··· Source data ···
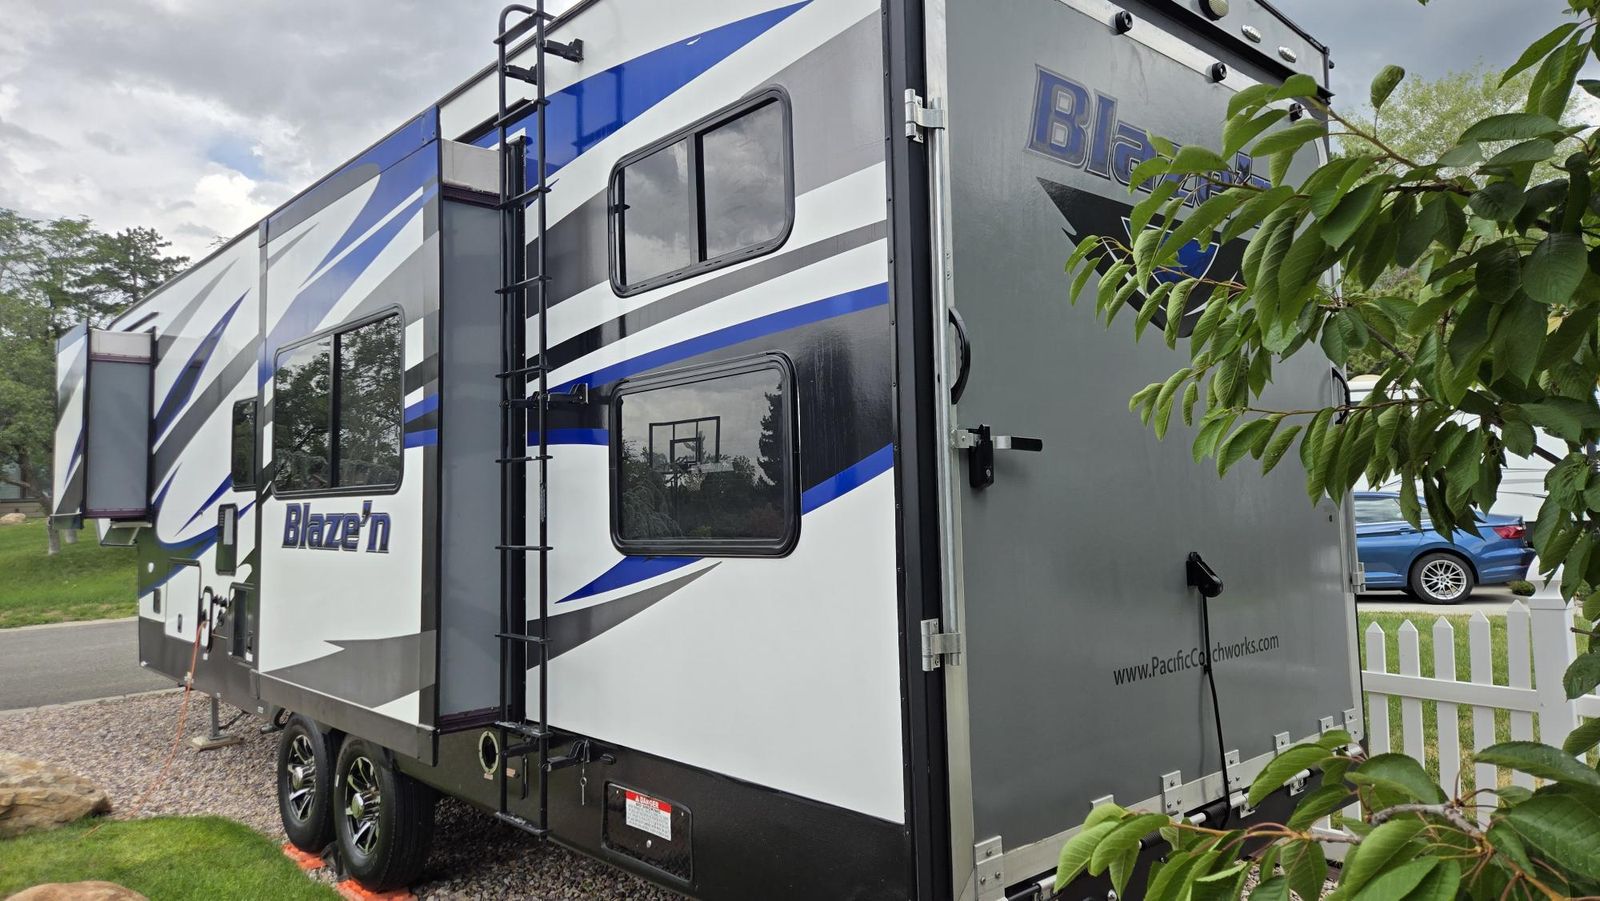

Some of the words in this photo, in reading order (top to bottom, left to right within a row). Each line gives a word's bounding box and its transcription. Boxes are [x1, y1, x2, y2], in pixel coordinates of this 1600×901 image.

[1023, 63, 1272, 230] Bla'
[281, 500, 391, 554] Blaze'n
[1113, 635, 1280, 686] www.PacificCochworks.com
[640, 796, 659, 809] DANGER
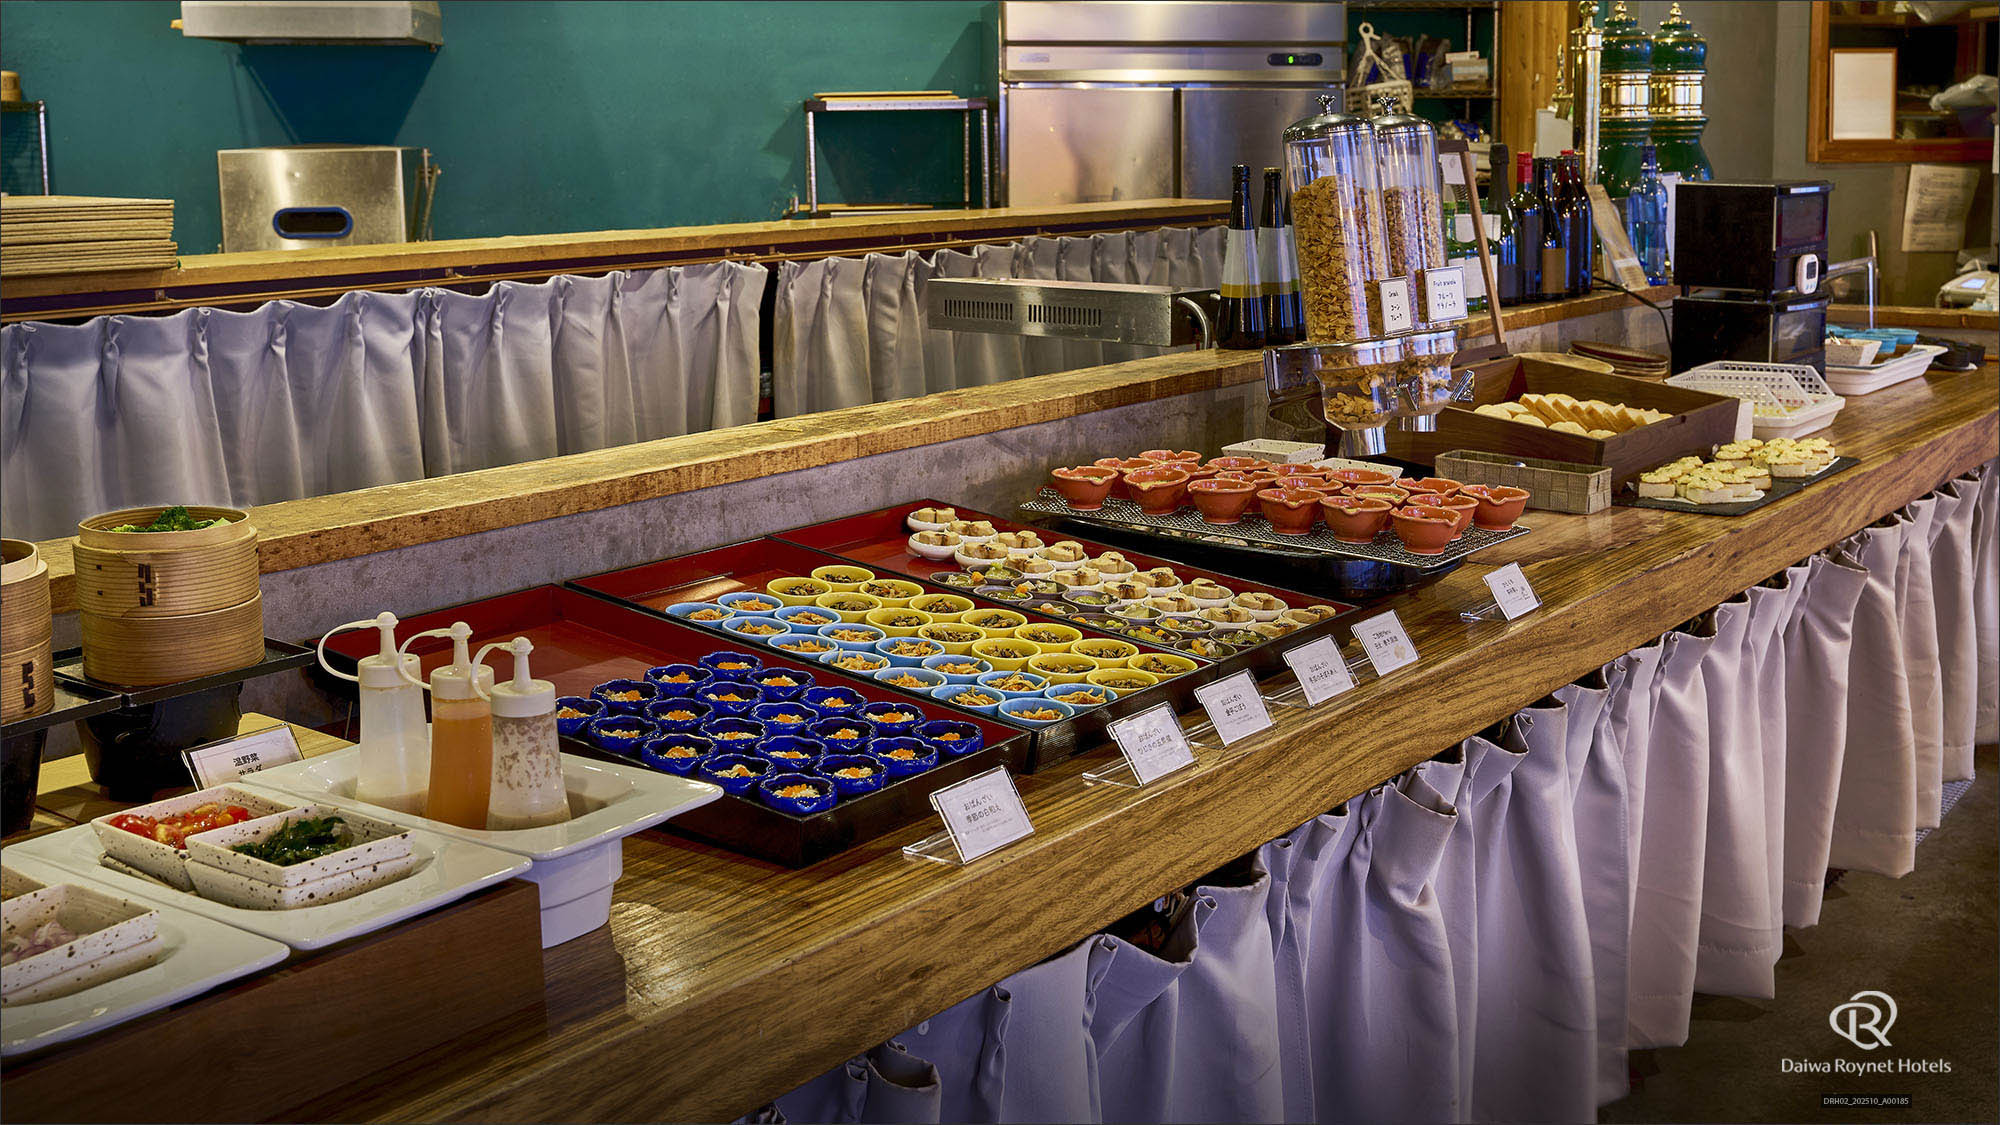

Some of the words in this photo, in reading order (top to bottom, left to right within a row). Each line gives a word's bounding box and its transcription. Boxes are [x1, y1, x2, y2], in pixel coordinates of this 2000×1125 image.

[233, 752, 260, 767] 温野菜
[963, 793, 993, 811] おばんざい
···
All of the entries above must be reproduced exactly, and no image may be included.

Some of the words in this photo, in reading order (top to bottom, left to right within a row). Each line gives a word's bounding box and its transcription. Boxes are [x1, y1, x2, y2], in pixel coordinates of this 1600×901 image.

[1023, 63, 1272, 230] Bla'
[281, 500, 391, 554] Blaze'n
[1113, 635, 1280, 686] www.PacificCochworks.com
[640, 796, 659, 809] DANGER

Some of the words in this photo, in reading order (top to bottom, left to right within a row). Each line gives a word's bounding box and its transcription. Boxes are [x1, y1, x2, y2], in pixel coordinates of this 2000×1125 image.

[233, 752, 260, 767] 温野菜
[963, 793, 993, 811] おばんざい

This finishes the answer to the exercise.